• _WHAT THE TASK ASKS_:
Reproduce the records exactly. Leave the pictures out.

• _SUPPLIED RECORDS_:

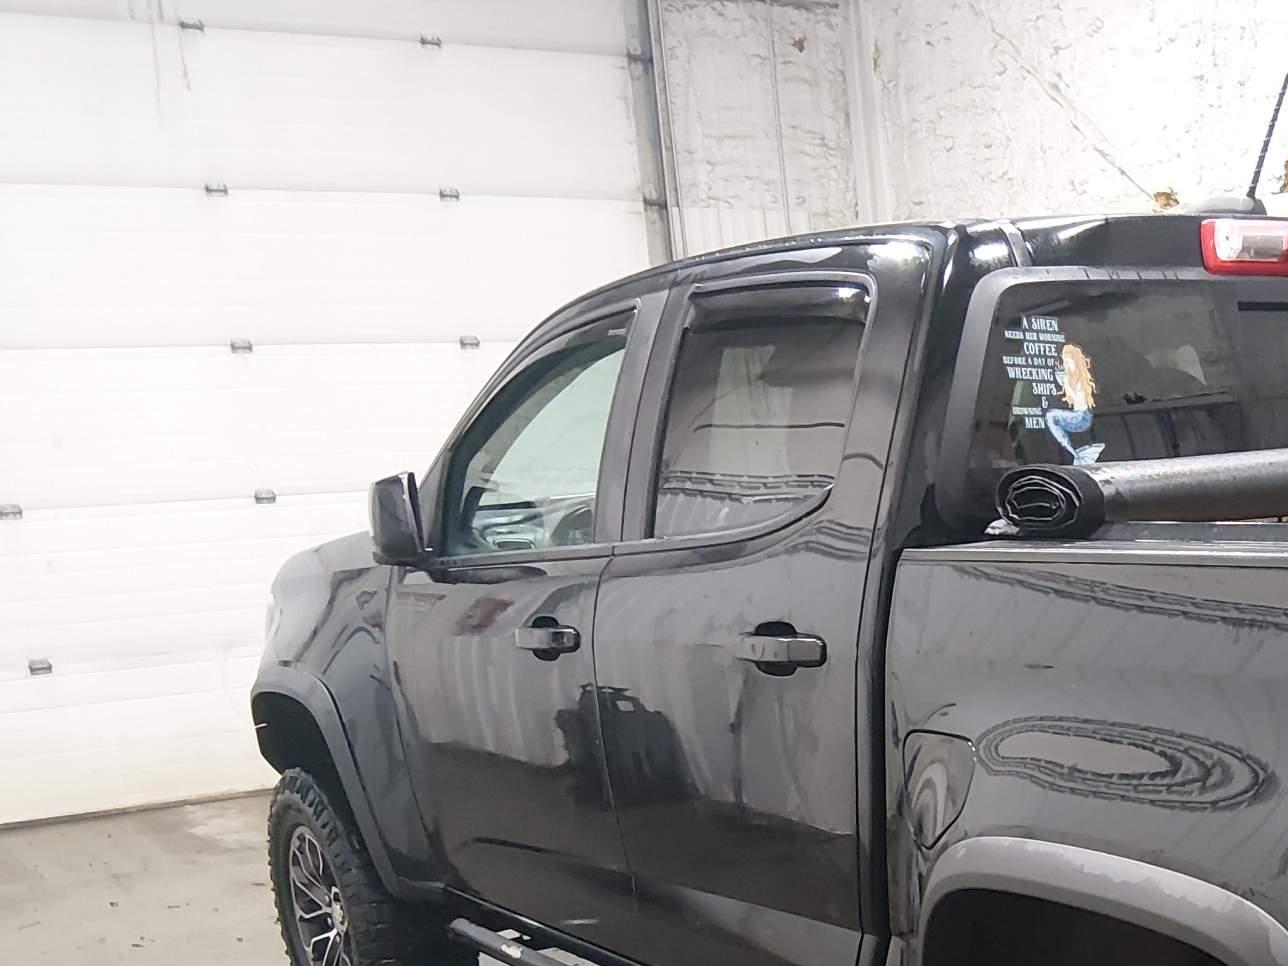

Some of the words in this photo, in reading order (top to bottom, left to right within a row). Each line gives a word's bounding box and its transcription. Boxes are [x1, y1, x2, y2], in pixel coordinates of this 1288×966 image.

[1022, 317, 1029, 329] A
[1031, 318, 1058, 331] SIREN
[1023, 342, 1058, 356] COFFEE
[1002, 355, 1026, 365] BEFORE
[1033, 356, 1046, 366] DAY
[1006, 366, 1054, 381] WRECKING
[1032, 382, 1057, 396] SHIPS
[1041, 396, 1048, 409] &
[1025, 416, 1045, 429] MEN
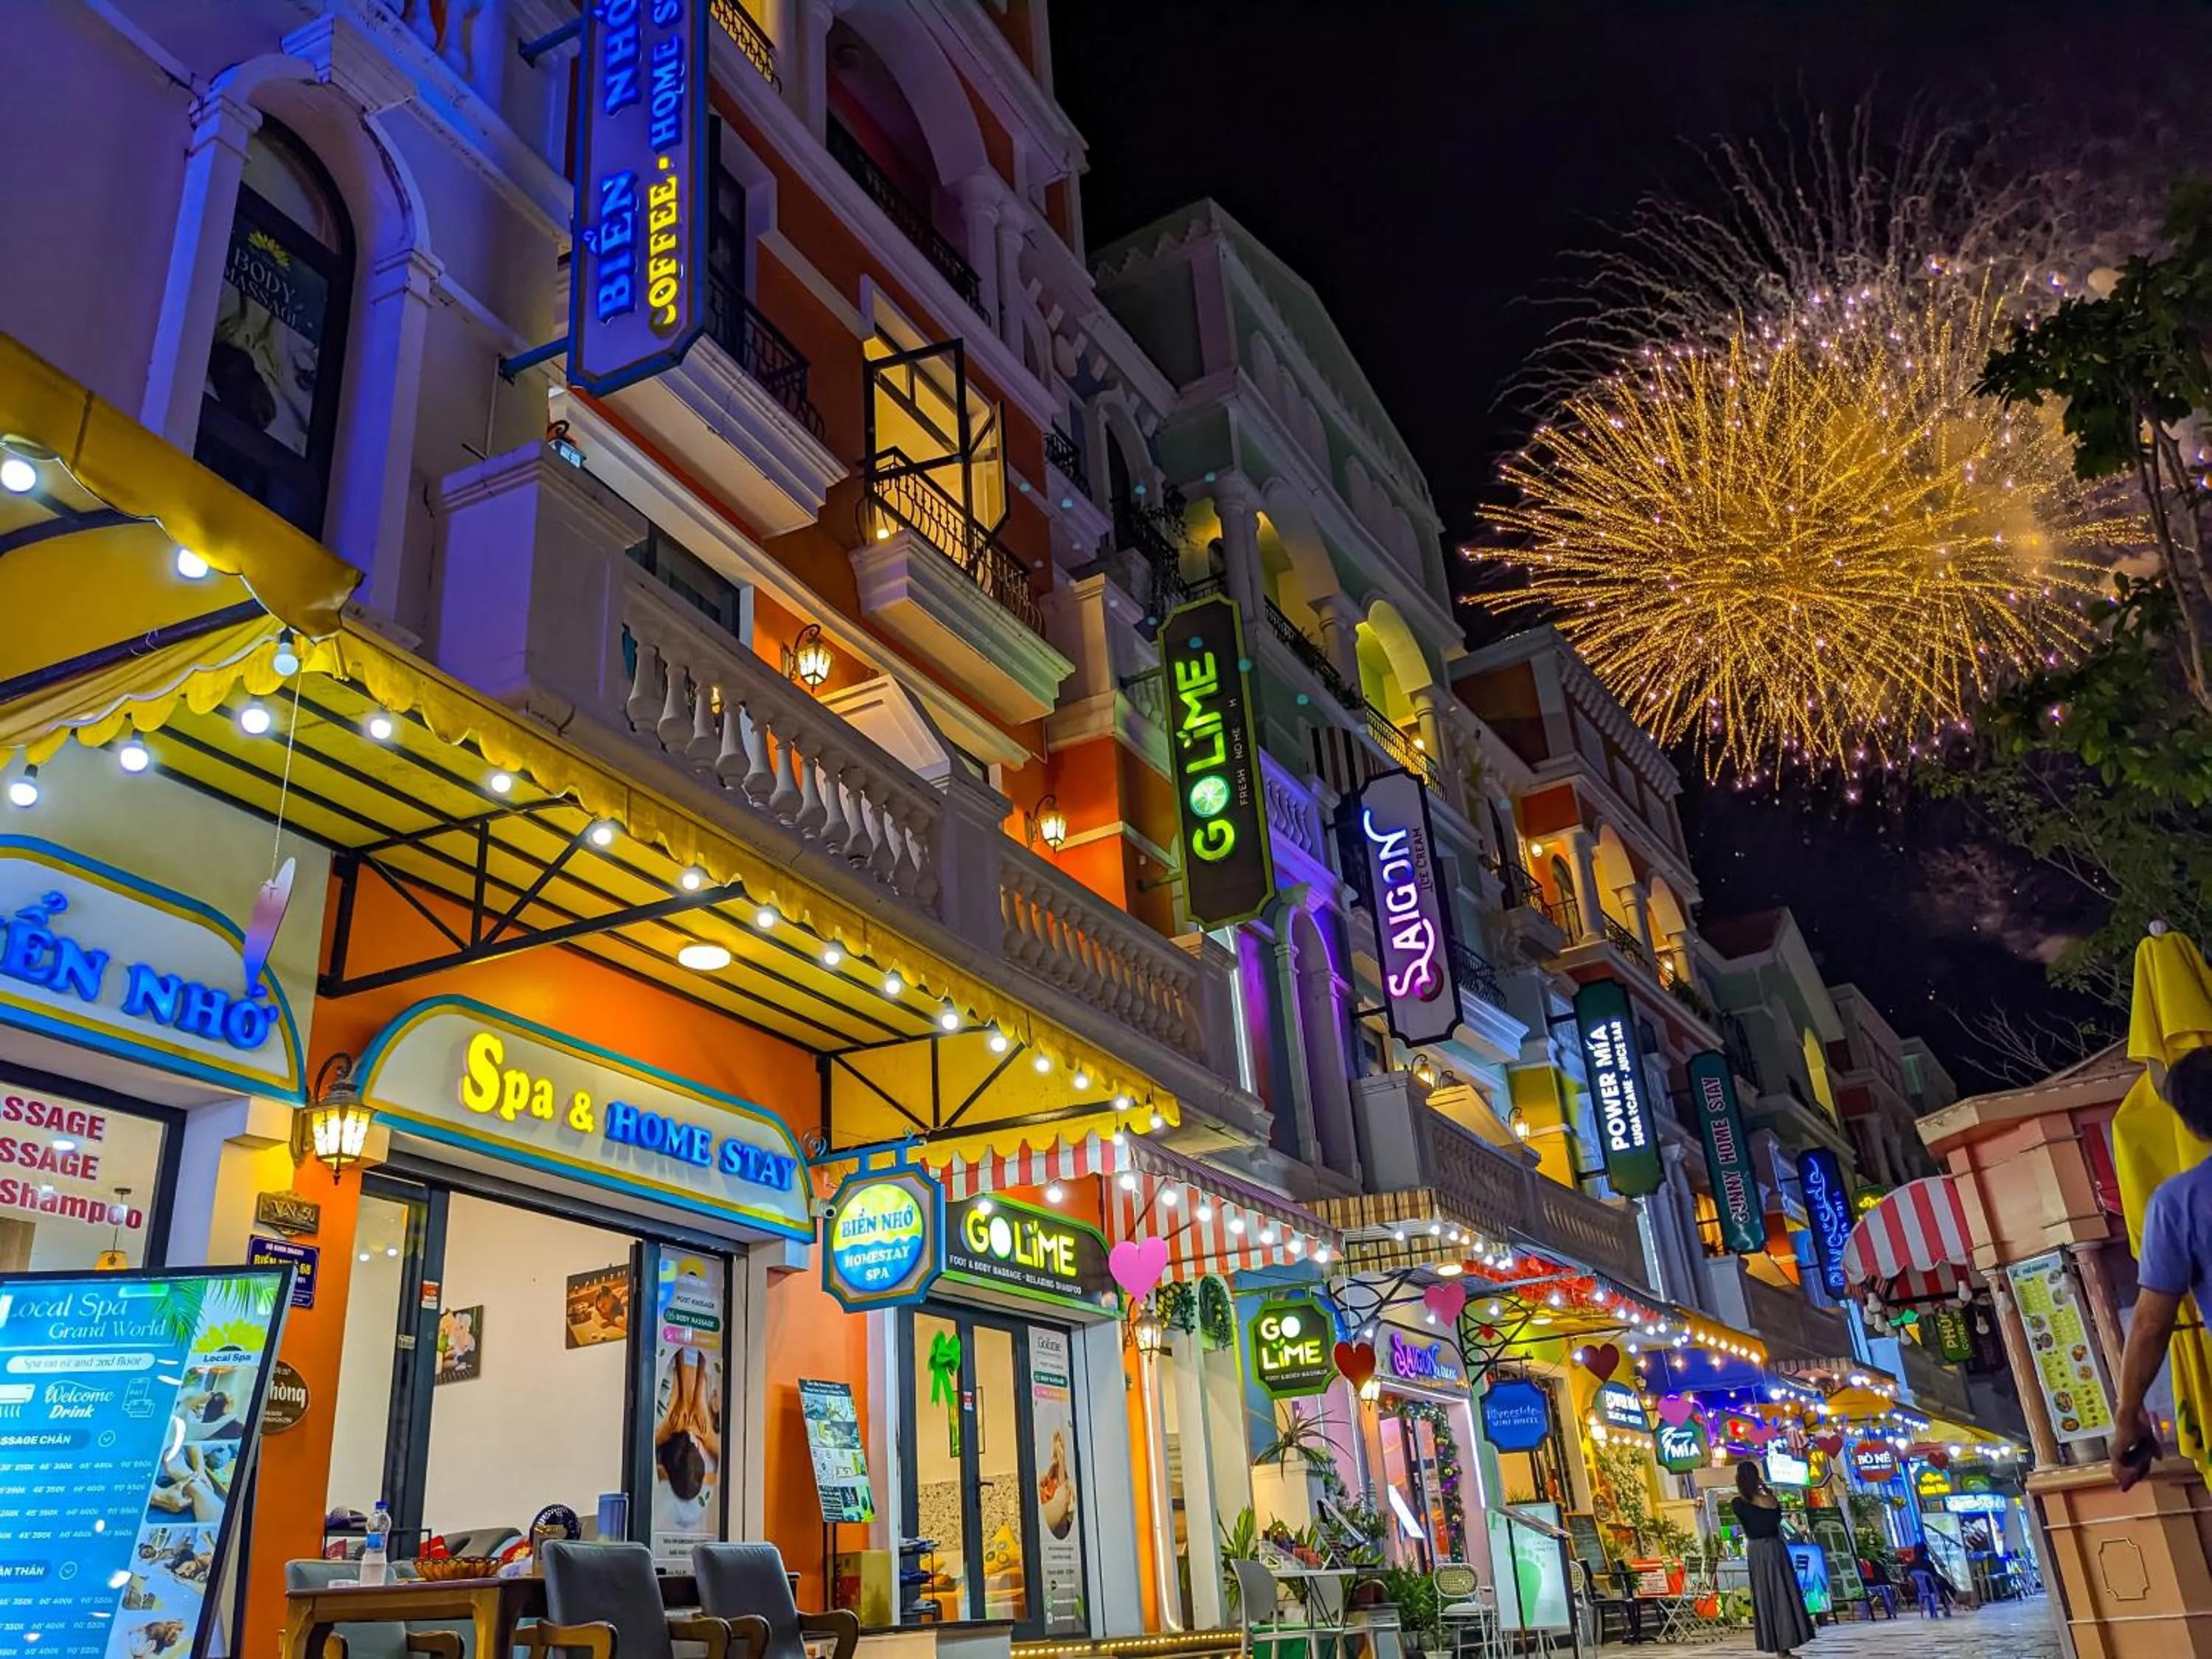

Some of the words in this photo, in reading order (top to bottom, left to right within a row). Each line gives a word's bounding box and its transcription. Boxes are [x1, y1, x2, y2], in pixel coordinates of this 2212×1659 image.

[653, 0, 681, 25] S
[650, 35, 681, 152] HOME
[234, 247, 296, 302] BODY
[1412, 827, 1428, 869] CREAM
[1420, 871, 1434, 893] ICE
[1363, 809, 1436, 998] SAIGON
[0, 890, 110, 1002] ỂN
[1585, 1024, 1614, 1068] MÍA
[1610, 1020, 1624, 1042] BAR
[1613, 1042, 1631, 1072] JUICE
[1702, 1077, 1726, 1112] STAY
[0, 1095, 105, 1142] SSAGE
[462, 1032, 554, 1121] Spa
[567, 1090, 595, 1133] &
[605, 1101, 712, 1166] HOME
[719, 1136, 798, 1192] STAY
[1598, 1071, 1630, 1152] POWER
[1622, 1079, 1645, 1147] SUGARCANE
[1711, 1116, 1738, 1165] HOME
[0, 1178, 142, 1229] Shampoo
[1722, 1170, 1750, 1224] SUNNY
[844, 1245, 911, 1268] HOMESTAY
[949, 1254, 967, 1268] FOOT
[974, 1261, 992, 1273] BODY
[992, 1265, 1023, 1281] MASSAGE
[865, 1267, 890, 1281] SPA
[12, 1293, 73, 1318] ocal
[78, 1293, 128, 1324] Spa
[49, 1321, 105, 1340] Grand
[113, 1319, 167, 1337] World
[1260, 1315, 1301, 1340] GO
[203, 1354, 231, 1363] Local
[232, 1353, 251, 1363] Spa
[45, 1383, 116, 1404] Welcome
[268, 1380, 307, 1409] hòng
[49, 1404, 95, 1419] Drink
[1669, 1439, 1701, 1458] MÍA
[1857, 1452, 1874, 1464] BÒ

• _SOLVED PROBLEM_:
Some of the words in this photo, in reading order (top to bottom, left to right within a row). Each line gives a word's bounding box and its transcription. Boxes are [x1, y1, x2, y2], in pixel coordinates of this 1288×966 image.

[1022, 317, 1029, 329] A
[1031, 318, 1058, 331] SIREN
[1023, 342, 1058, 356] COFFEE
[1002, 355, 1026, 365] BEFORE
[1033, 356, 1046, 366] DAY
[1006, 366, 1054, 381] WRECKING
[1032, 382, 1057, 396] SHIPS
[1041, 396, 1048, 409] &
[1025, 416, 1045, 429] MEN

Some of the words in this photo, in reading order (top to bottom, left to right within a row). Each line gives a word's bounding box and its transcription. Boxes are [x1, y1, x2, y2], in pixel coordinates of this 2212×1659 image.

[653, 0, 681, 25] S
[650, 35, 681, 152] HOME
[234, 247, 296, 302] BODY
[1412, 827, 1428, 869] CREAM
[1420, 871, 1434, 893] ICE
[1363, 809, 1436, 998] SAIGON
[0, 890, 110, 1002] ỂN
[1585, 1024, 1614, 1068] MÍA
[1610, 1020, 1624, 1042] BAR
[1613, 1042, 1631, 1072] JUICE
[1702, 1077, 1726, 1112] STAY
[0, 1095, 105, 1142] SSAGE
[462, 1032, 554, 1121] Spa
[567, 1090, 595, 1133] &
[605, 1101, 712, 1166] HOME
[719, 1136, 798, 1192] STAY
[1598, 1071, 1630, 1152] POWER
[1622, 1079, 1645, 1147] SUGARCANE
[1711, 1116, 1738, 1165] HOME
[0, 1178, 142, 1229] Shampoo
[1722, 1170, 1750, 1224] SUNNY
[844, 1245, 911, 1268] HOMESTAY
[949, 1254, 967, 1268] FOOT
[974, 1261, 992, 1273] BODY
[992, 1265, 1023, 1281] MASSAGE
[865, 1267, 890, 1281] SPA
[12, 1293, 73, 1318] ocal
[78, 1293, 128, 1324] Spa
[49, 1321, 105, 1340] Grand
[113, 1319, 167, 1337] World
[1260, 1315, 1301, 1340] GO
[203, 1354, 231, 1363] Local
[232, 1353, 251, 1363] Spa
[45, 1383, 116, 1404] Welcome
[268, 1380, 307, 1409] hòng
[49, 1404, 95, 1419] Drink
[1669, 1439, 1701, 1458] MÍA
[1857, 1452, 1874, 1464] BÒ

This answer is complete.